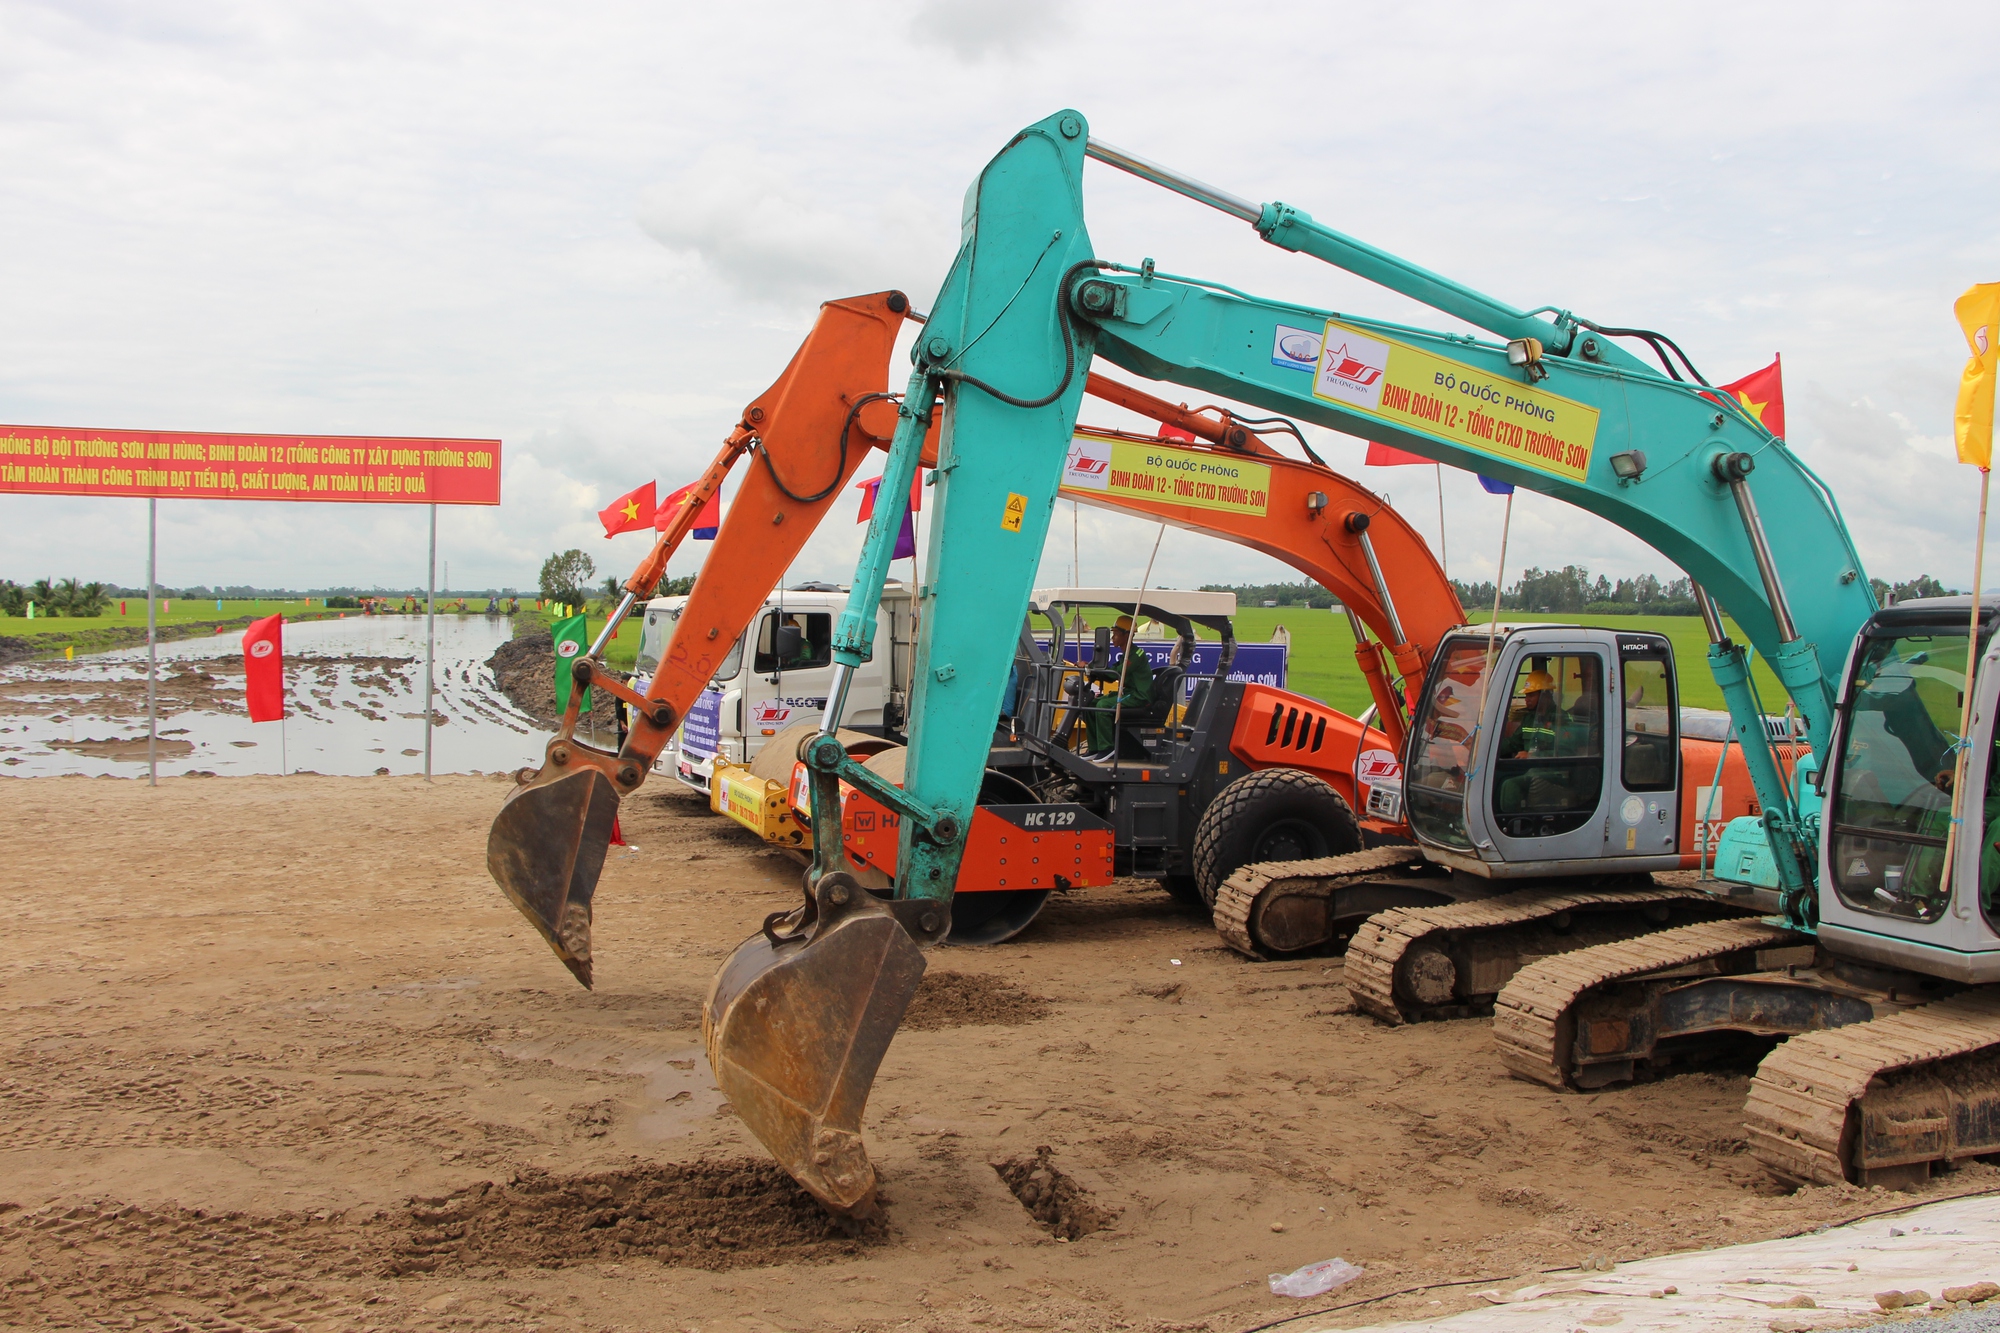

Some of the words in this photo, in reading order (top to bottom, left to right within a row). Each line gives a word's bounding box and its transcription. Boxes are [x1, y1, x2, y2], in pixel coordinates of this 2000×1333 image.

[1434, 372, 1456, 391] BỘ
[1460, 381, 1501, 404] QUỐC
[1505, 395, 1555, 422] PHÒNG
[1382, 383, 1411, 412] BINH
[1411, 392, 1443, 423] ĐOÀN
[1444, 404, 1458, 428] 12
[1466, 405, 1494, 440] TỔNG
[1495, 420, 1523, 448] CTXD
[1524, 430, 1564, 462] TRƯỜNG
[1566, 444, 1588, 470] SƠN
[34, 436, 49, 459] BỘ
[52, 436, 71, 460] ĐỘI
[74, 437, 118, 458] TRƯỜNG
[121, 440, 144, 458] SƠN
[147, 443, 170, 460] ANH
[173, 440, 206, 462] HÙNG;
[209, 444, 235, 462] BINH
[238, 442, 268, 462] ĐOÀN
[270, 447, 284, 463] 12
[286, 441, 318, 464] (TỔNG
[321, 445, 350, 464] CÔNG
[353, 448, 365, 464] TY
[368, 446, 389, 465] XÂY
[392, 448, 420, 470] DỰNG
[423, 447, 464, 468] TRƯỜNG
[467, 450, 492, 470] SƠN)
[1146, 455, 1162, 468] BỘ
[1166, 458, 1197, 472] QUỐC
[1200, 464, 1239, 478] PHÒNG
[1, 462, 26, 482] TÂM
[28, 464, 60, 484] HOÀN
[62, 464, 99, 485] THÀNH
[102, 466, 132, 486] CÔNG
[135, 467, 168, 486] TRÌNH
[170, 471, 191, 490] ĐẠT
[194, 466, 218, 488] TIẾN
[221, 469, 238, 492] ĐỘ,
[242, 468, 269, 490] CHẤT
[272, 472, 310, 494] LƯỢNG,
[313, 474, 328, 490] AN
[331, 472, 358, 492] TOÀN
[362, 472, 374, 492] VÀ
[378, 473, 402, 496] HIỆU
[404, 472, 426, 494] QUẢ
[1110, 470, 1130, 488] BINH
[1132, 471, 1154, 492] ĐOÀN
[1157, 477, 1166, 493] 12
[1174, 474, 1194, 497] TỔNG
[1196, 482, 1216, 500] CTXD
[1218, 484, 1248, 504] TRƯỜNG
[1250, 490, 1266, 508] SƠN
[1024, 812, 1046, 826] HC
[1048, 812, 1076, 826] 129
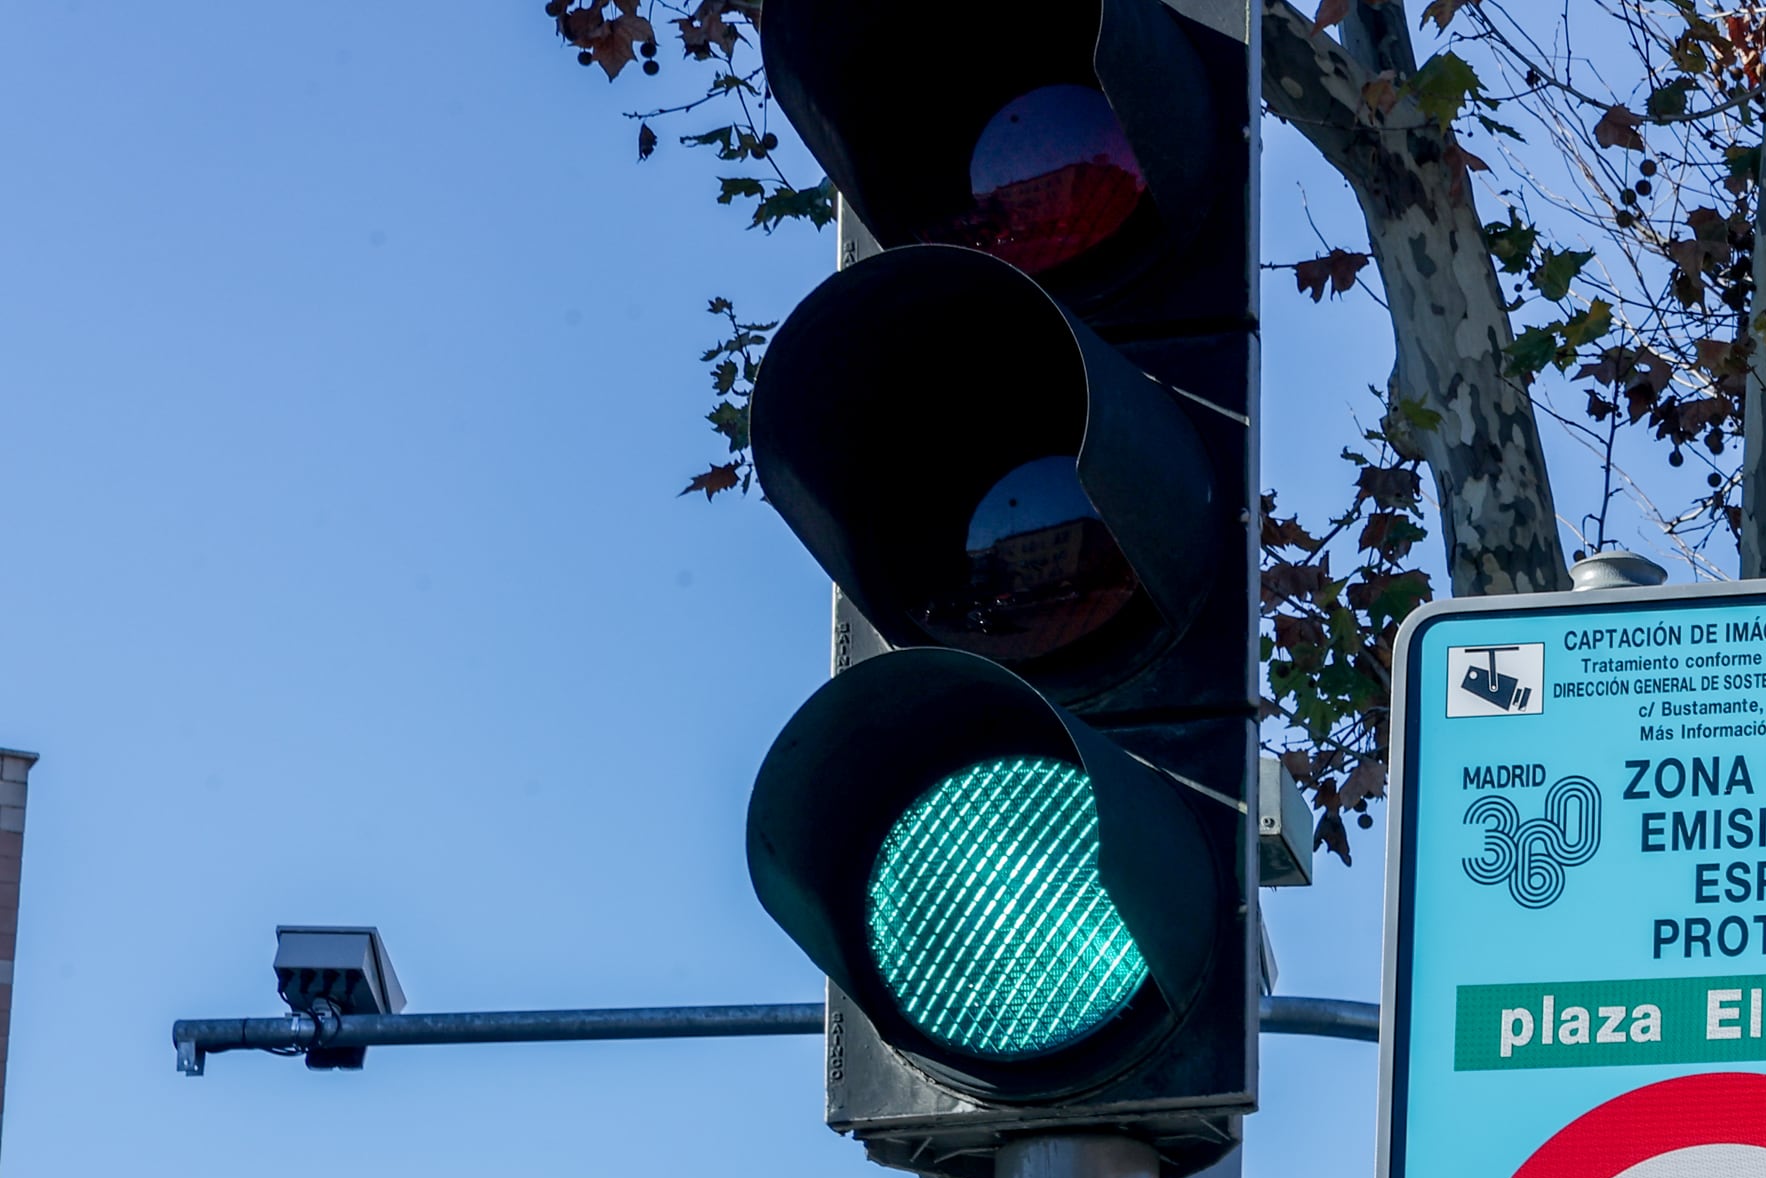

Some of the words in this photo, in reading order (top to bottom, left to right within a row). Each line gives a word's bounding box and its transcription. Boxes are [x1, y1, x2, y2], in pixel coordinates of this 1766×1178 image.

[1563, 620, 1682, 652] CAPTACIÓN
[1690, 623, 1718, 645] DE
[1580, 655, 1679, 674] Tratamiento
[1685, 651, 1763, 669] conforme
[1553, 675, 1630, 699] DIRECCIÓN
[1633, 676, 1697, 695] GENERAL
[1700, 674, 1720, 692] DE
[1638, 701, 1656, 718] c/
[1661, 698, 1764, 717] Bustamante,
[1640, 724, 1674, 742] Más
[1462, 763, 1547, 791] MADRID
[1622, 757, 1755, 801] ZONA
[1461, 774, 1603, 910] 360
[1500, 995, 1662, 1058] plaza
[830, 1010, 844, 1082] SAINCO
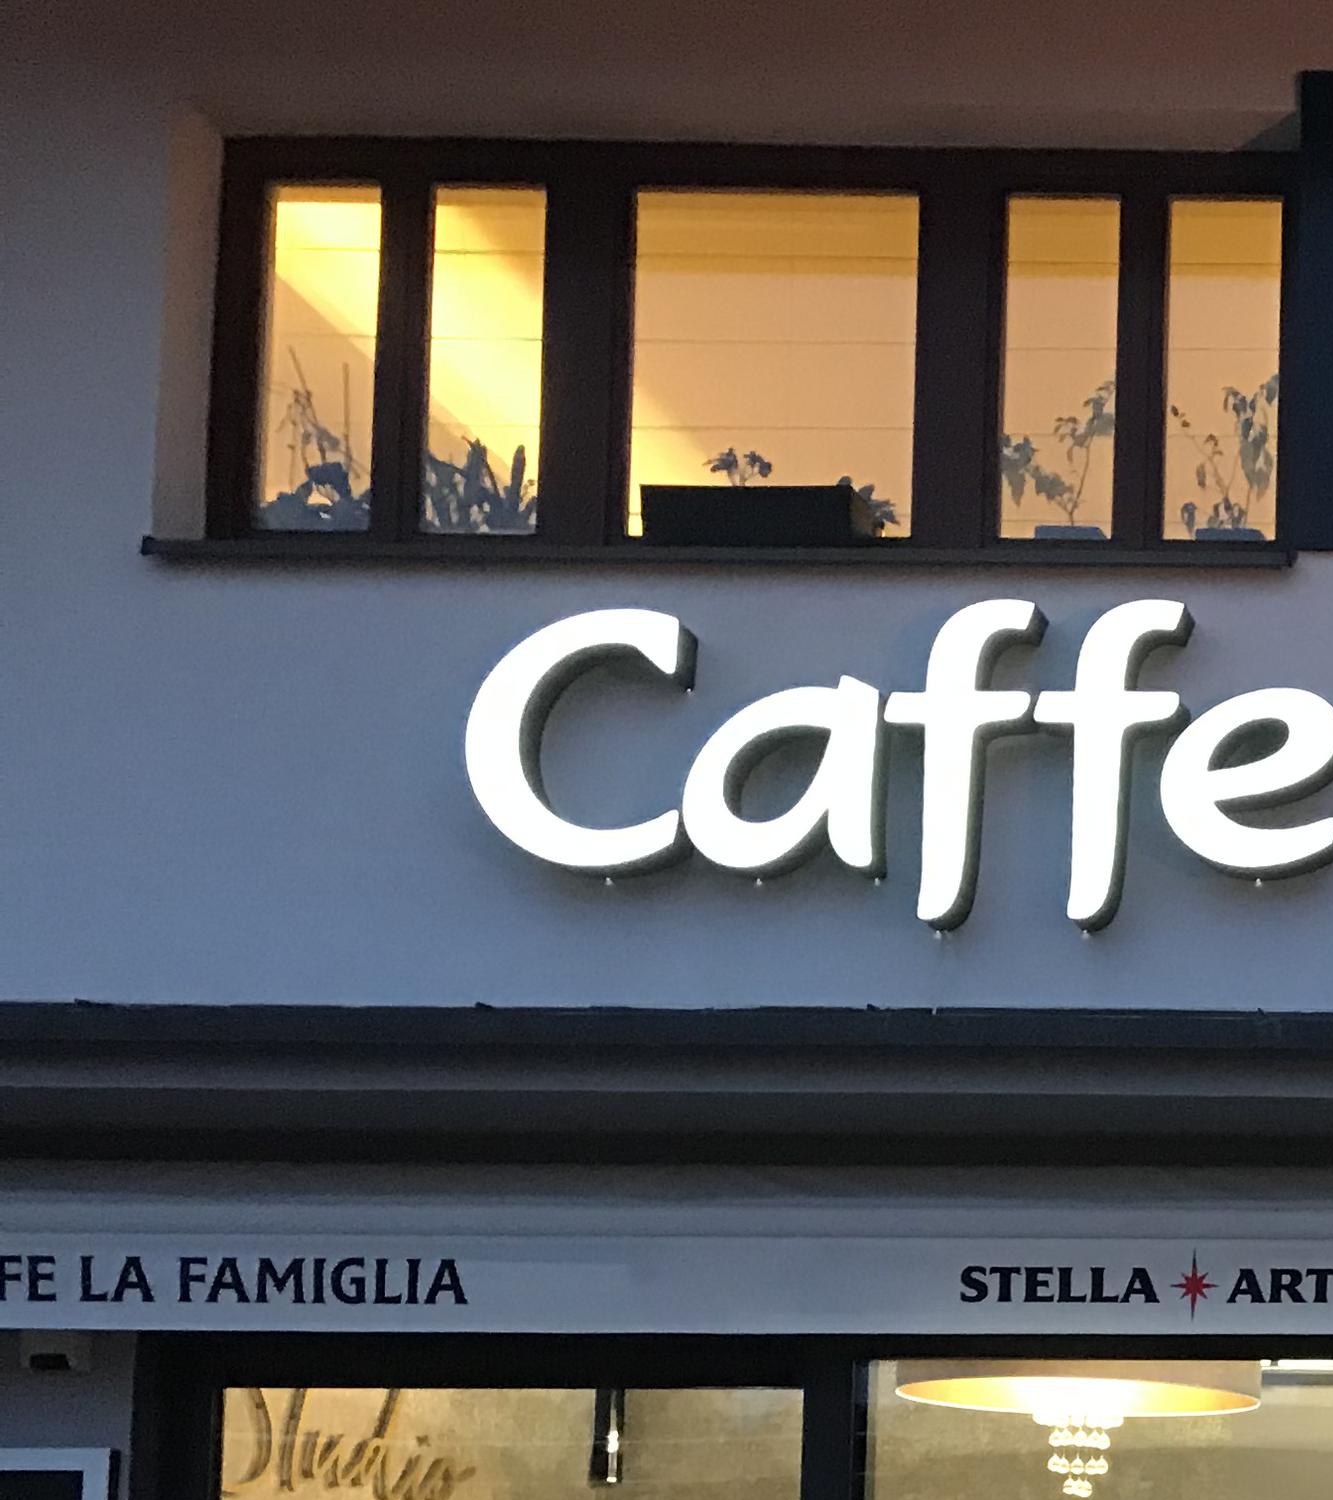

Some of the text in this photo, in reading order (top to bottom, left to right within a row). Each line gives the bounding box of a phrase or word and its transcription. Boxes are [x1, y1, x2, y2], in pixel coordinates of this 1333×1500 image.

* * * * *

YOUR GOAL: Copy the lines of the records, beginning where the line containing "this 1766×1178 image." appears and continuing through the final line, exactly and with no pictures.

EXERCISE ANSWER:
Some of the words in this photo, in reading order (top to bottom, left to right within a row). Each line gives a word's bounding box and its transcription. Boxes are [x1, y1, x2, y2], in pixel coordinates of this 1766×1178 image.

[1563, 620, 1682, 652] CAPTACIÓN
[1690, 623, 1718, 645] DE
[1580, 655, 1679, 674] Tratamiento
[1685, 651, 1763, 669] conforme
[1553, 675, 1630, 699] DIRECCIÓN
[1633, 676, 1697, 695] GENERAL
[1700, 674, 1720, 692] DE
[1638, 701, 1656, 718] c/
[1661, 698, 1764, 717] Bustamante,
[1640, 724, 1674, 742] Más
[1462, 763, 1547, 791] MADRID
[1622, 757, 1755, 801] ZONA
[1461, 774, 1603, 910] 360
[1500, 995, 1662, 1058] plaza
[830, 1010, 844, 1082] SAINCO

Some of the text in this photo, in reading order (top to bottom, left to right within a row). Each line gives the bounding box of a phrase or word and its transcription. Boxes are [x1, y1, x2, y2], in pixel coordinates of this 1333×1500 image.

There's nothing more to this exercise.